Глаза,чтобы плакать [По моей могиле кто-то ходил. Человек с улицы. С моей-то рожей. Глаза, чтобы плакать. Хлеб могильщиков] - Фредерик Дар
Шрифт:
Интервал:
Закладка:
Глупо это говорить, но это сильнее меня, я не могу сдержаться.
Женщина не шевелилась. Я наклонился и поцеловал ее припухшие от слез губы. Она не оттолкнула меня, но и не ответила на мой поцелуй.
Я вышел из комнаты, унося на губах вкус ее печали. После этого я пошел продавать мяснику уютненький гроб, обитый шелком.
5
Два дня прошли без происшествий. Я втягивался в мой новый быт, продавая всякую похоронную дребедень, даже помогал укладывать умерших в гроб и сопровождал их в церковь в старом катафалке папаши Кастэна. Я убеждал себя, что эта работа не для меня и я не должен расслабляться от провинциальной жизни. Но прожитые годы были нелегки, и мне было приятно плыть в томительной легкости весенних дней.
Провинция как опиум. Воздух здесь сладок, и жизнь не так суматошна, как в Париже. Она медлительна, тяжеловесна и более значительна.
Могильщик был доволен мной. Я продавал все по первому классу.
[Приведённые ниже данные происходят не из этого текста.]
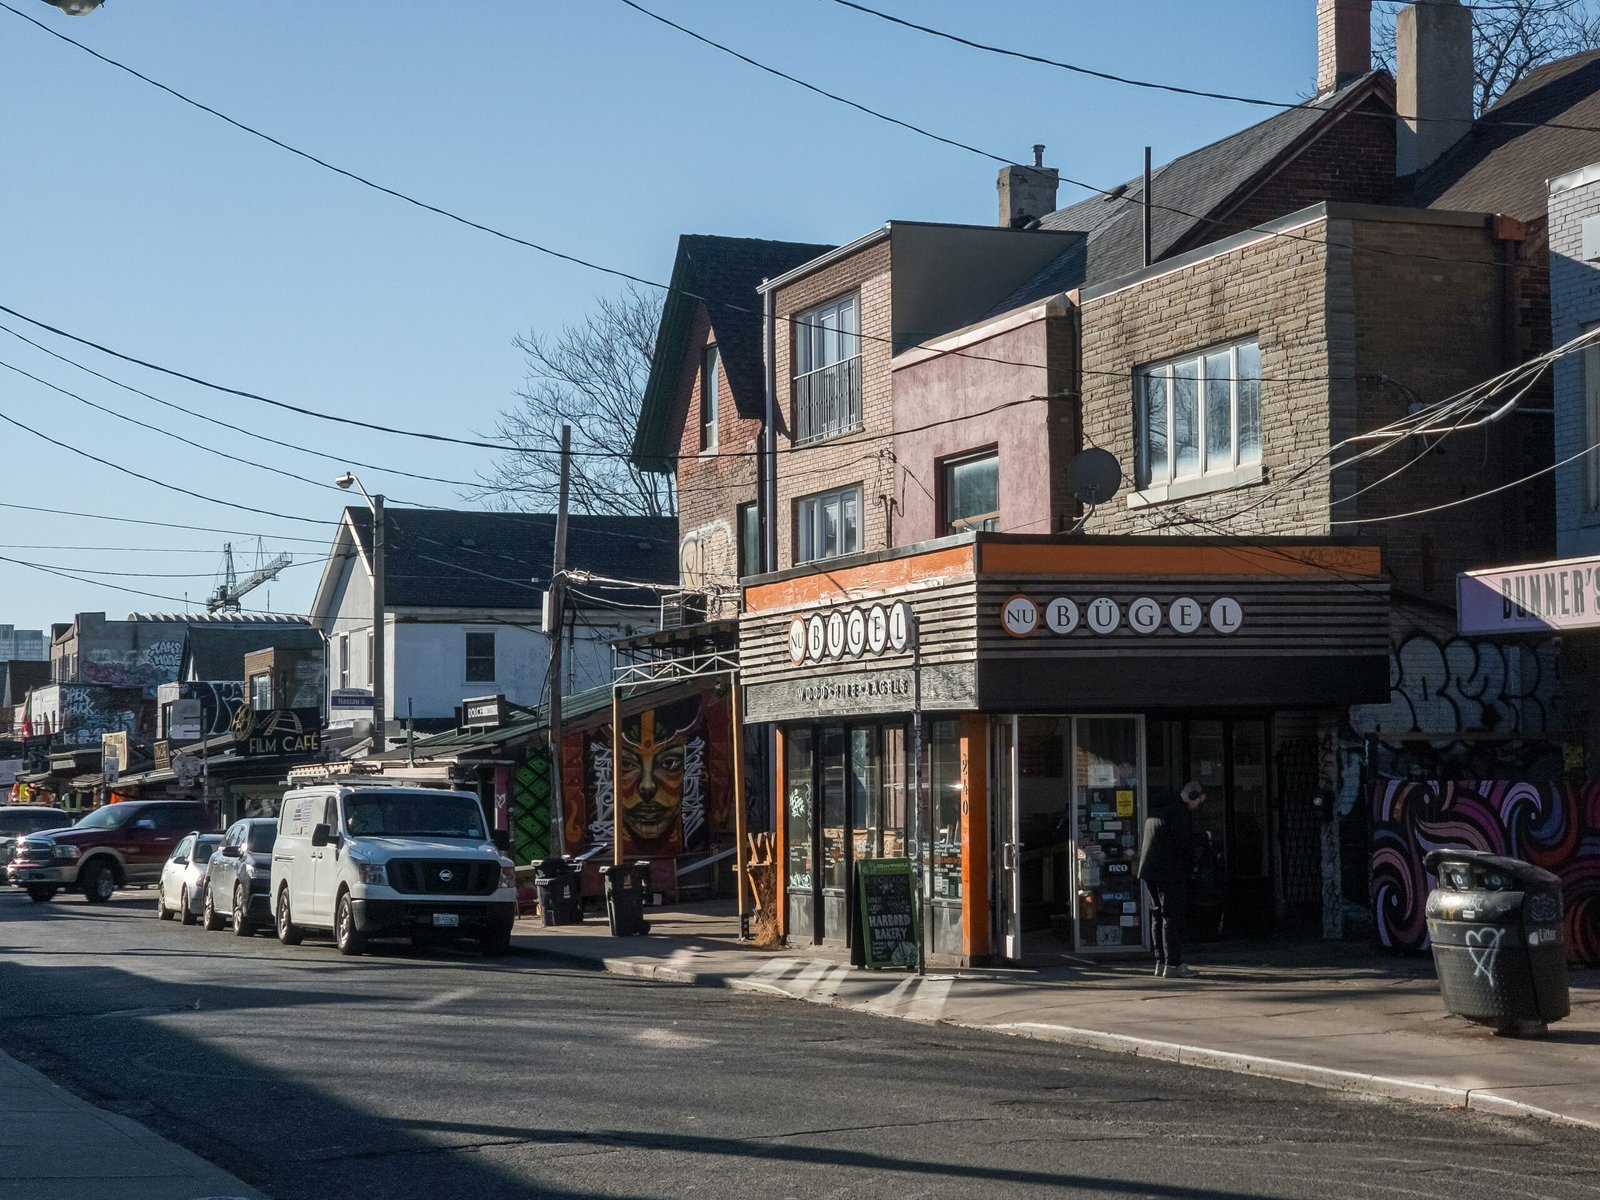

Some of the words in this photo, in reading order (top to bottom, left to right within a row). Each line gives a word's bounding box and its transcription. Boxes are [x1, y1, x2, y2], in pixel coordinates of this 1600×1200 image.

[1006, 609, 1034, 625] NU
[1056, 599, 1235, 627] BÜGEL
[791, 632, 804, 649] NU
[813, 612, 904, 651] BÜGEL
[250, 739, 276, 753] FILM
[283, 733, 318, 751] CAFÉ
[1109, 864, 1128, 872] neo
[869, 914, 911, 928] HARBORD
[875, 927, 907, 940] BAKERY
Да, это были два дня пустых, и легких. Обедал в столовой шефа. Жермена хорошо готовила, и мне доставляло удовольствие поглощать ее блюда и смотреть на нее.
С тех пор как я поцеловал ее, она почти не разговаривала со мной. Я видел, что женщина раздосадована происшедшей между нами сценой. Ее гордость бунтовала, и ее терзали угрызения совести из-за Мориса.
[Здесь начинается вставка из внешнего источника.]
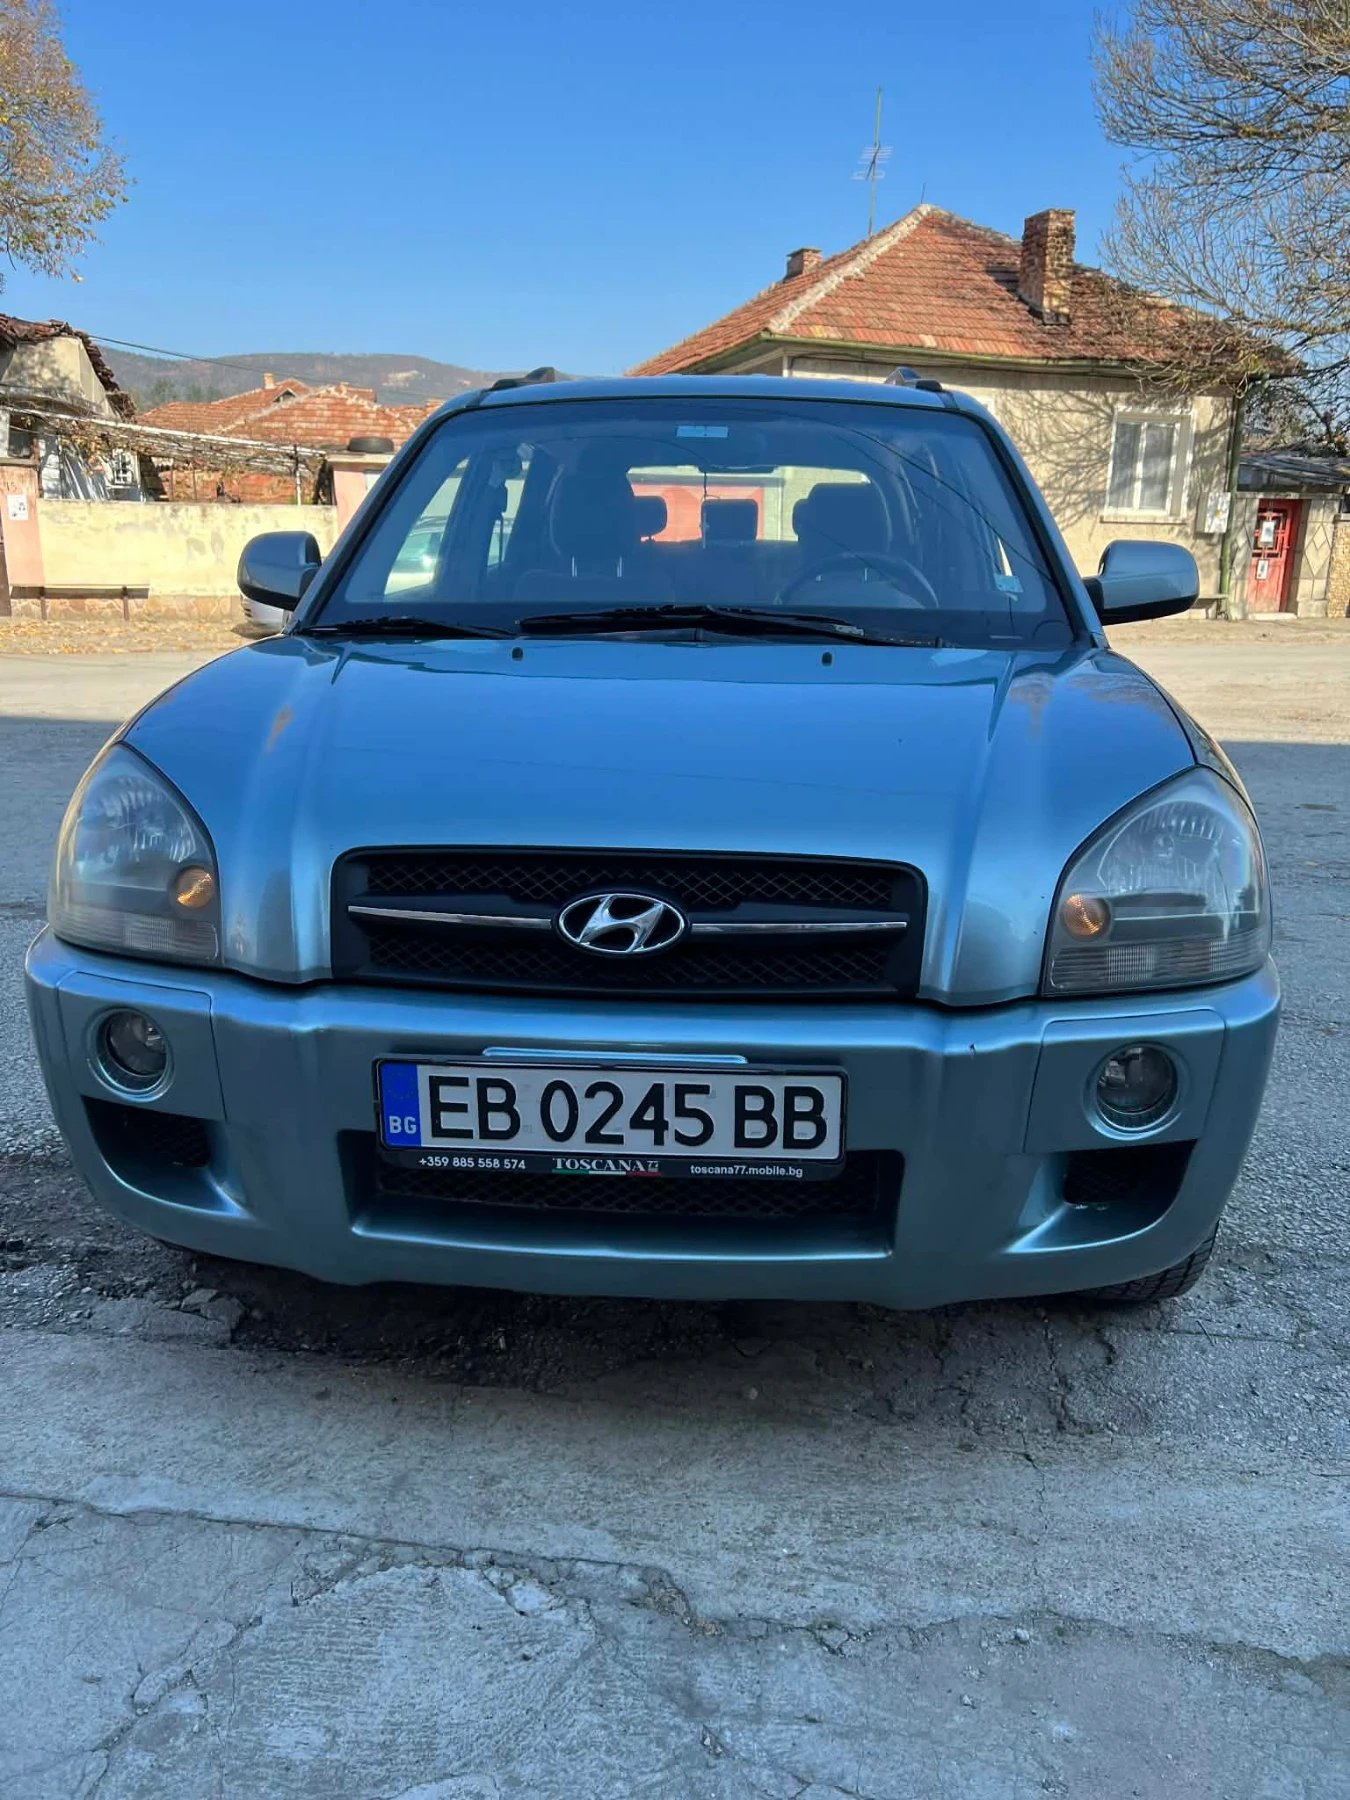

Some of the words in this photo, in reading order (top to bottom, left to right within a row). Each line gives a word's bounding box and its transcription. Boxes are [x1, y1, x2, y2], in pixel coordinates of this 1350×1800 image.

[428, 1075, 521, 1141] EB
[540, 1079, 715, 1147] 0245
[733, 1085, 828, 1150] BB
[388, 1115, 418, 1135] BG
[419, 1156, 449, 1167] +359
[452, 1157, 475, 1168] 885
[477, 1158, 501, 1169] 558
[503, 1159, 527, 1170] 574
[552, 1157, 647, 1172] TOSCANA
[690, 1164, 804, 1178] toscana77.mobile.bg
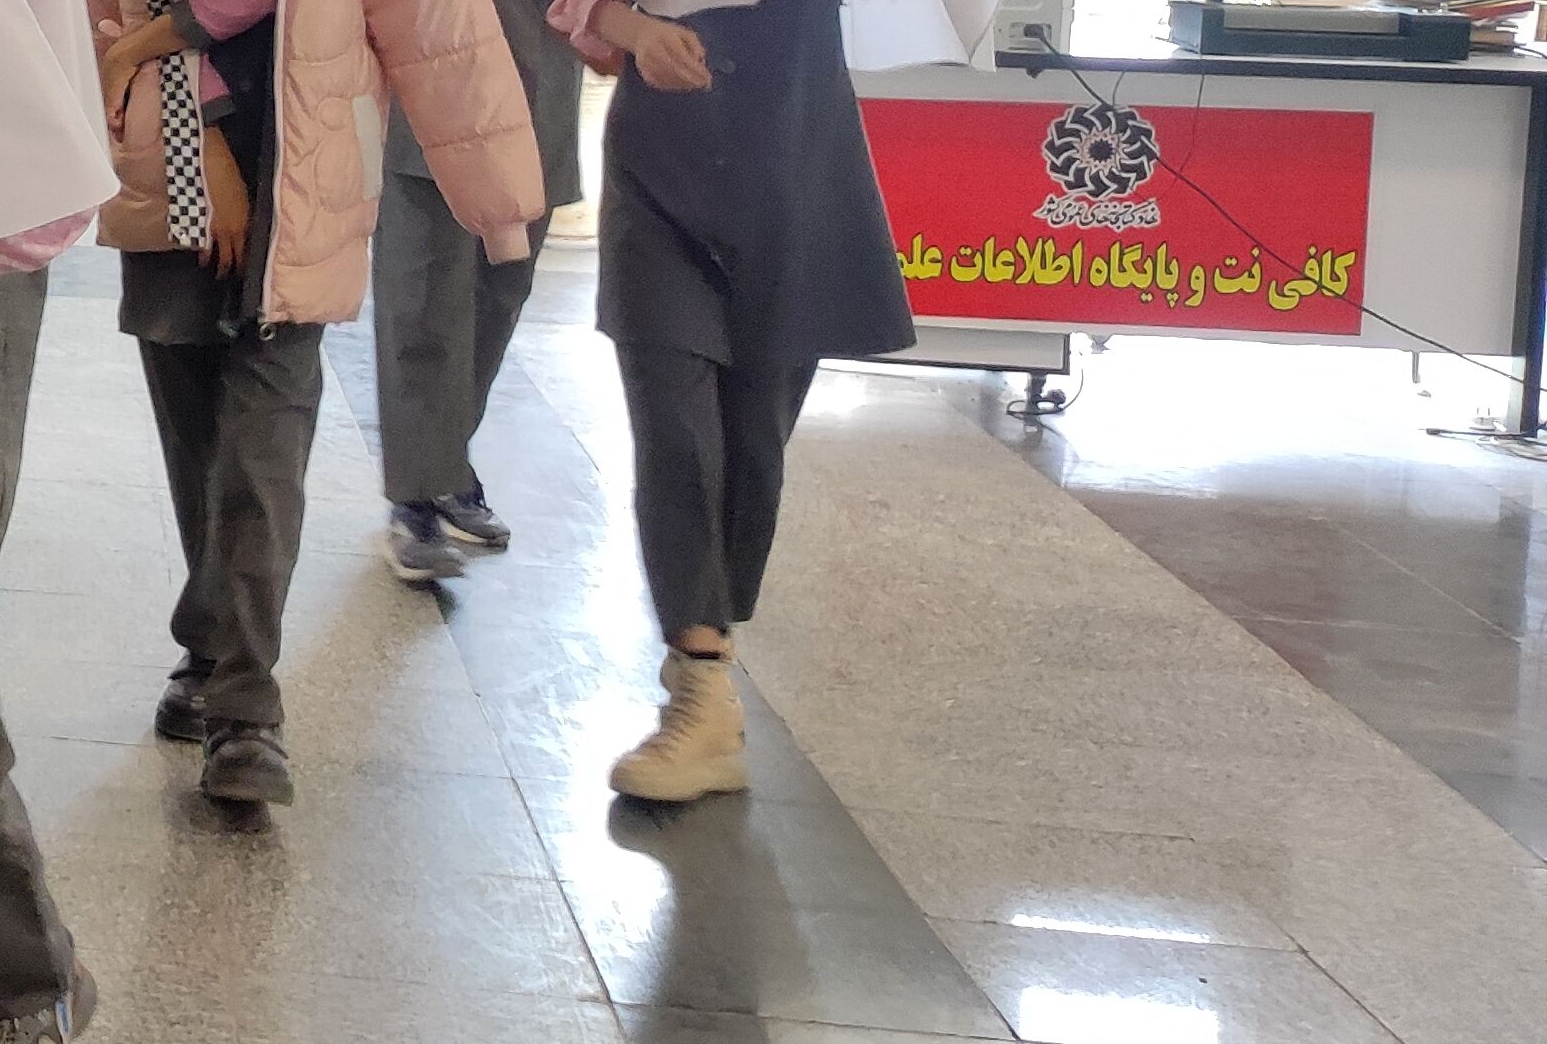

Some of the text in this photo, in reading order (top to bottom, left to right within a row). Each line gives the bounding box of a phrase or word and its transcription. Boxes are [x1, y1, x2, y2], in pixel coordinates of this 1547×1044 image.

[896, 232, 1357, 311] کافی نت و پایگاه اطلاعات علم
Что касается Кастэна, он все больше лез мне в душу, бурно и красноречиво суля златые горы. Если верить ему, то я и был зачат и рожден на свет, чтобы продавать гробы. В общем-то он был неплохой парень. У него был скверный характер, как у всех желудочников, и он презирал свою жену, на которой женился при таких особых обстоятельствах. Но жить с ним было можно, мне во всяком случае.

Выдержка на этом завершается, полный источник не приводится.